Presidente da Venezuela confirma acordo petrolífero com Estados Unidos

Delcy Rodríguez descreveu tratado como histórico e agradeceu Trump“A Venezuela anuncia um acordo histórico com o governo dos Estados Unidos, que terá um impacto significativo no renascimento da nossa nação”, anunciou a presidente interina Delcy Rodríguez, quase nove meses depois do sequestro do presidente Nicolás Maduro pelo exército norte-americano.

Em um comunicado divulgado nas redes sociais, na sexta-feira (28), Rodríguez revelou que o acordo permitirá “um aumento considerável da produção de petróleo com a participação de operadores privados”.

“[O protocolo prevê] o desenvolvimento de 17 campos estratégicos, com um potencial comprovado de 65 mil milhões de barris de petróleo.”

A dirigente acrescentou que prevê “um investimento de mais de US$ 100 bilhões de dólares e mais de US$ 209 bilhões de dólares em receitas fiscais para o Estado”. A líder descreveu o acordo como “um marco histórico nas relações bilaterais”.

Rodríguez afirmou que o protocolo foi assinado graças ao “fortalecimento das relações” entre Caracas e Washington, que retomaram formalmente os laços diplomáticos em março, após a detenção do ex-presidente Nicolás Maduro.

O acordo facilitará um “fluxo significativo de investimentos destinados à recuperação e reconstrução da infraestrutura estratégica para o desenvolvimento” da indústria de hidrocarbonetos da Venezuela, disse a presidente interina.

A Venezuela possui uma das maiores reservas de petróleo do mundo, estimada em 303 bilhões de barris de crude, o que representa cerca de 17% da oferta mundial, segundo a Administração de Informação Energética norte-americana.

“Estes investimentos contribuirão não só para a recuperação e modernização da nossa indústria, mas também para o crescimento econômico do nosso país, a segurança energética do nosso hemisfério e um maior equilíbrio nos mercados internacionais.”

A antiga vice-presidente de Maduro indicou que o objetivo é “avançar para a consolidação de uma potência energética produtiva”, colocando as “imensas reservas ao serviço do desenvolvimento nacional, da criação de emprego, do aumento do rendimento dos trabalhadores e do bem-estar” dos venezuelanos.

“A Venezuela está, assim, consolidando uma nova etapa de recuperação, crescimento, produção, segurança e prosperidade para o nosso povo”, acrescentou Rodríguez.

Na segunda-feira (24), a presidente interina tinha dito que o país está atualmente produzindo 1,23 milhões de barris por dia de petróleo, o nível mais elevado desde fevereiro de 2019.

Estados Unidos

Horas antes, Donald Trump anunciou que os Estados Unidos fecharam “o maior acordo de petróleo da história mundial”, para assumir o controle de parte expressiva das reservas de petróleo da Venezuela.

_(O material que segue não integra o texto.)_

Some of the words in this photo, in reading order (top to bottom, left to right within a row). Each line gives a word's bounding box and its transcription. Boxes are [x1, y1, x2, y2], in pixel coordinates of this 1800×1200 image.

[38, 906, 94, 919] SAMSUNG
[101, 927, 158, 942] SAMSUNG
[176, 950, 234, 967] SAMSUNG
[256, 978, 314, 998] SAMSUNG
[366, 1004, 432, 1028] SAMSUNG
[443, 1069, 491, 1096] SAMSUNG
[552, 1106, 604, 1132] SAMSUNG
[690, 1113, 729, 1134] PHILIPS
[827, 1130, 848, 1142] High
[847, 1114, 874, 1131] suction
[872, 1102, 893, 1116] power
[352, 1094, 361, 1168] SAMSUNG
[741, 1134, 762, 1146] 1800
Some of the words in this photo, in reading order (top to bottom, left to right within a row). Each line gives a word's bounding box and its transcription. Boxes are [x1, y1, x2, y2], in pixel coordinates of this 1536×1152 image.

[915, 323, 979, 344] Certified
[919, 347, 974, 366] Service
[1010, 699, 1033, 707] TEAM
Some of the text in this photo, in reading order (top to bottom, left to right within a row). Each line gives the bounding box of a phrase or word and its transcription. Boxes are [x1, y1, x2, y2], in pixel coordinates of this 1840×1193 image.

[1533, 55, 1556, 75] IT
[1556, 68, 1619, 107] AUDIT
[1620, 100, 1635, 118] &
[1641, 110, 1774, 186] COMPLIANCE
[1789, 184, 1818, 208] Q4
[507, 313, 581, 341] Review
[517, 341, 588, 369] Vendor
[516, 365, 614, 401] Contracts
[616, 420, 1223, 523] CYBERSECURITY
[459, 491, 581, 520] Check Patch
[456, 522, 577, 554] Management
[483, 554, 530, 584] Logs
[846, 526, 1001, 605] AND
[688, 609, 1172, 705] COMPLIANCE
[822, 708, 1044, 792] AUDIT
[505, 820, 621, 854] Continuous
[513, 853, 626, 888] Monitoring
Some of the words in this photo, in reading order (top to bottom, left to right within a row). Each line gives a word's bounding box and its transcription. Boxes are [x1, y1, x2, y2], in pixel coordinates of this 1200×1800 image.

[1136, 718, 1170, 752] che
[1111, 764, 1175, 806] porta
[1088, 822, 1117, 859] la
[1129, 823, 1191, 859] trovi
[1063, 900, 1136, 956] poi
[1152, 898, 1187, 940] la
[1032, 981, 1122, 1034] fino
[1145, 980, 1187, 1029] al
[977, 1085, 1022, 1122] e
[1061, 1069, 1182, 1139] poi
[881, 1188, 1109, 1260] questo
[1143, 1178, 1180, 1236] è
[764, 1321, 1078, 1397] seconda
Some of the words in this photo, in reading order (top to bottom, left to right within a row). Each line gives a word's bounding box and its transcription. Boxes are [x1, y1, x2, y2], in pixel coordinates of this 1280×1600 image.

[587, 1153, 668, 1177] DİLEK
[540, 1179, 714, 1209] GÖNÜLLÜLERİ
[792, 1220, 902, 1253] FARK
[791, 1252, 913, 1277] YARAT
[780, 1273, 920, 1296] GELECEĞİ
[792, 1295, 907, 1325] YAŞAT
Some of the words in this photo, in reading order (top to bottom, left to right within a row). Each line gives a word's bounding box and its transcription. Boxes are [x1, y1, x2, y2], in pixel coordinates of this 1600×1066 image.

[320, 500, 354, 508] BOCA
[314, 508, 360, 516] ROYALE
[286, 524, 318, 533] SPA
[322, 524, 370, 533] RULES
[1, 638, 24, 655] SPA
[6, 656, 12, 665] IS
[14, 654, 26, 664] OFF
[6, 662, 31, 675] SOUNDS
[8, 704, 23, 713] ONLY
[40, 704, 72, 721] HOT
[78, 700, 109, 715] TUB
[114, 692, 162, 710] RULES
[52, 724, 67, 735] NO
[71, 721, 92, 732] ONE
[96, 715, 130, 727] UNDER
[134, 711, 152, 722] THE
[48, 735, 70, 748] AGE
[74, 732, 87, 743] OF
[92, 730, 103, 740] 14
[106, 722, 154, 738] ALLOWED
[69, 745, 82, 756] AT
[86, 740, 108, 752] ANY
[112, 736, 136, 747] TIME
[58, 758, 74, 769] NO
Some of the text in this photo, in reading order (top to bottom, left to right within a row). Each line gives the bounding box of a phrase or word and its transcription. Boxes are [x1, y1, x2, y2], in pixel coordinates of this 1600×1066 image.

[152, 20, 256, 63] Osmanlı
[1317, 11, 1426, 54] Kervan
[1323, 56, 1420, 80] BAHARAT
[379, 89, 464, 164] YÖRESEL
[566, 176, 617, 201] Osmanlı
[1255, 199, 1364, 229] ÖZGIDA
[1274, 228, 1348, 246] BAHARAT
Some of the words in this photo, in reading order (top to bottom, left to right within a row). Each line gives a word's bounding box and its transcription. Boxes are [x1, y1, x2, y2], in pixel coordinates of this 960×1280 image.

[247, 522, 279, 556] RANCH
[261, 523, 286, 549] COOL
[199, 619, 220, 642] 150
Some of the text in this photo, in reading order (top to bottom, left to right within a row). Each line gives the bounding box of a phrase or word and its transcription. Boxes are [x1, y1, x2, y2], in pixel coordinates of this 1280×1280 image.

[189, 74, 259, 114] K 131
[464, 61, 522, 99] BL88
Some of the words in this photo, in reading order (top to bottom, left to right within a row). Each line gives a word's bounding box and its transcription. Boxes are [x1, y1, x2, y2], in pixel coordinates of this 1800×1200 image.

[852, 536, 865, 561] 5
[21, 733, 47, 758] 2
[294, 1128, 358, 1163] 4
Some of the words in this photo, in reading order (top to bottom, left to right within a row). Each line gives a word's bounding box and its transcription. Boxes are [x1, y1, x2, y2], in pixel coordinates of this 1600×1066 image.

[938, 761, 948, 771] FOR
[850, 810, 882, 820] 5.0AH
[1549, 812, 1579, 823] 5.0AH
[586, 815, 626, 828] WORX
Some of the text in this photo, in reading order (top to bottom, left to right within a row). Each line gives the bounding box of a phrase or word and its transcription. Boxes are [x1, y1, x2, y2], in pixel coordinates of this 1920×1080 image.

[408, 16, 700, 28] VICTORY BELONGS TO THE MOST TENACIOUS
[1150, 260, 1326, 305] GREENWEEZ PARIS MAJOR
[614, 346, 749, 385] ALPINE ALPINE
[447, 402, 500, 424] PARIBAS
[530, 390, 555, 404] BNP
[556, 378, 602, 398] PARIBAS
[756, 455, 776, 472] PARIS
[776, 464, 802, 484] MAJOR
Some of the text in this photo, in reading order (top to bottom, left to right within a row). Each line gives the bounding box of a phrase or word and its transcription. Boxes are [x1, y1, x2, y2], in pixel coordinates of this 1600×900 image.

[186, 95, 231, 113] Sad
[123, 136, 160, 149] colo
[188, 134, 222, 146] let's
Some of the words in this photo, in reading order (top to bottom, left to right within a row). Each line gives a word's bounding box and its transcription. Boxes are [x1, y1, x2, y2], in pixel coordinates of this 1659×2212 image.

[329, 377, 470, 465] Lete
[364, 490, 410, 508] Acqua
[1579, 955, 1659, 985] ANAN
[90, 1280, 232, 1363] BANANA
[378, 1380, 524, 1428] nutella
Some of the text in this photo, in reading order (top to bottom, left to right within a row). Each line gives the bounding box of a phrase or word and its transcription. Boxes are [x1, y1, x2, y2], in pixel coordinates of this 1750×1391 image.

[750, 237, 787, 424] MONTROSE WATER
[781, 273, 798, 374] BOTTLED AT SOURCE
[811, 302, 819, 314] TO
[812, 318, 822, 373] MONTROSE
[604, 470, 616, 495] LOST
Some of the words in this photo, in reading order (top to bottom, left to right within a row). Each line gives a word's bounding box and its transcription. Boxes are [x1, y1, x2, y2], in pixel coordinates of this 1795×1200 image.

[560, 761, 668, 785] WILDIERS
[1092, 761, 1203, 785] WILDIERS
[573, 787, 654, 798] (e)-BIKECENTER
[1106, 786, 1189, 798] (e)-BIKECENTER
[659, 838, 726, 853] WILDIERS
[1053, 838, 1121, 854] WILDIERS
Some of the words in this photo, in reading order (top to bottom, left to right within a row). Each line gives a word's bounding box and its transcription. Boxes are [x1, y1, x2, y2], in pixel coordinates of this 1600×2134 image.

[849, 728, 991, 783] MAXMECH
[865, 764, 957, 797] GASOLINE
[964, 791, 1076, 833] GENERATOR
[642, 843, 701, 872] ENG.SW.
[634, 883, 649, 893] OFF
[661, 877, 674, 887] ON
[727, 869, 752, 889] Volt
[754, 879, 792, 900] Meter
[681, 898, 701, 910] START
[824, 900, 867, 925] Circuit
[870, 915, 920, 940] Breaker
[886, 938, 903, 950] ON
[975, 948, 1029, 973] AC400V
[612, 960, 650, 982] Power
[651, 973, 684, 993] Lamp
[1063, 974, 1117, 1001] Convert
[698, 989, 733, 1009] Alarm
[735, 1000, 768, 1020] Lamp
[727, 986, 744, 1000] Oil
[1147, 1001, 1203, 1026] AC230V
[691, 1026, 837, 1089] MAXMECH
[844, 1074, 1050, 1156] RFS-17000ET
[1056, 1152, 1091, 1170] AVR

Trump enfrenta uma pressão crescente para lidar com os elevados preços da gasolina, enquanto a guerra no Irã completa seis meses sem previsão de término.

As reservas estratégicas de petróleo norte-americanas caíram no início de agosto para menos de 300 milhões de barris, uma redução de mais de 100 milhões de barris desde o início de 2026.

Ao contrário de outras partes do mundo, onde os geólogos têm de procurar petróleo inexplorado, as reservas de petróleo sob solo venezuelano estão em grande parte mapeadas e conhecidas, segundo os especialistas. Mas, devido às fracas infraestruturas, o país produz apenas cerca de 1% do petróleo mundial.

Caso Maduro

O acordo anunciado reforça suspeitas de que existiam articulações entre autoridades dos EUA e da Venezuela antes do caso de Nicolás Maduro. O ex-presidente foi detido em ação promovida pelo Exército dos Estados Unidos na madrugada do dia 3 de janeiro de 2026.

A ação foi criticada pelo Brasil e outros países. Parte da imprensa internacional também considerou o ataque como ilegal e imprudente.

A última vez que os EUA atuaram de forma semelhante na América Latina foi em 1989, no Panamá, quando os militares norte-americanos capturaram o então presidente Manuel Noriega, acusando-o de narcotráfico.

Assim como fizeram com Noriega, os Estados Unidos acusaram Maduro de liderar um suposto cartel venezuelano (De Los Soles), sem apresentar provas formais publicamente. Especialistas em tráfico internacional de drogas questionaram a existência desse cartel.

Após o episódio envolvendo Nicolás Maduro, a vice-presidente Delcy Rodríguez assumiu a gestão interina do país. Nicolás Maduro e sua esposa Cilia Flores permanecem sob custódia nos Estados Unidos, em Nova York.